Słowacka furora sądeckiego chleba
Treść
Andrzej Danek, sądecki mistrz piekarniczy, wchodził w skład trzyosobowej reprezentacji Polski na organizowane corocznie w słowackim mieście Peżinok Święto Chleba i Wina. Oprócz naszych rodaków, za południową granicą swoje wypieki prezentowali przedstawiciele siedmiu krajów.
- Nasze wyroby powstawały na poczekaniu, na oczach zgromadzonej publiczności - opowiada Andrzej Danek. - Ze swej strony zaoferowałem pieczywo dobrze znane sądeczanom zaopatrującym się w wypieki firmy "Danek". "Wyprodukowałem" więc chlebuś ziarnisty, razowy, a także niewielkie bułeczki, tzw. kajzerki. Pochwalić się muszę, że podczas oficjalnej degustacji doczekałem się wielu pochlebnych ocen.

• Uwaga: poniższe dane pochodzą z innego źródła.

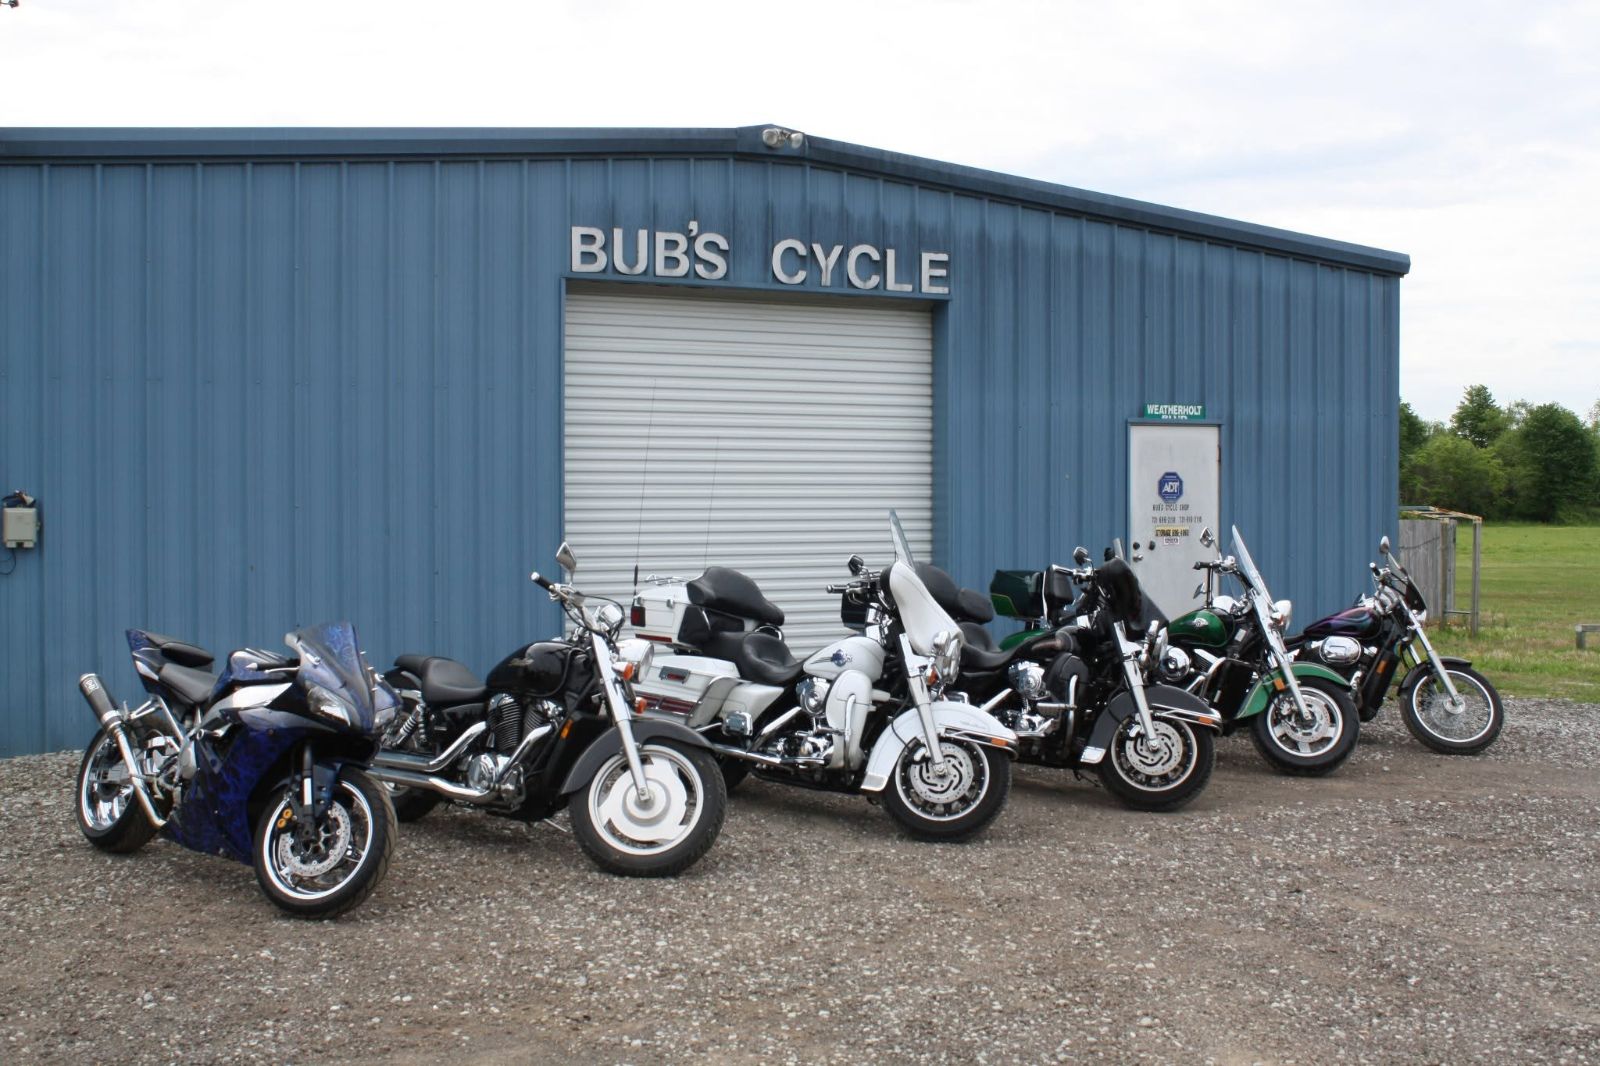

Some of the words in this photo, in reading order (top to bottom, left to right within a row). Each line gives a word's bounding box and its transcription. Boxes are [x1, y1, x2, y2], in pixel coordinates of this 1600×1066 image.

Dodajmy, że Polacy zrobili na Słowacji furorę nie tylko swoimi wypiekami, ale i oryginalnymi, historycznymi strojami, w jakich wystąpili podczas korowodu ulicami miasta. W ogłoszonej na zakończenie uroczystości nieoficjalnej klasyfikacji popularności, pierwsze miejsce przypadło w udziale reprezentacji piekarzy znad Wisły i Dunajca.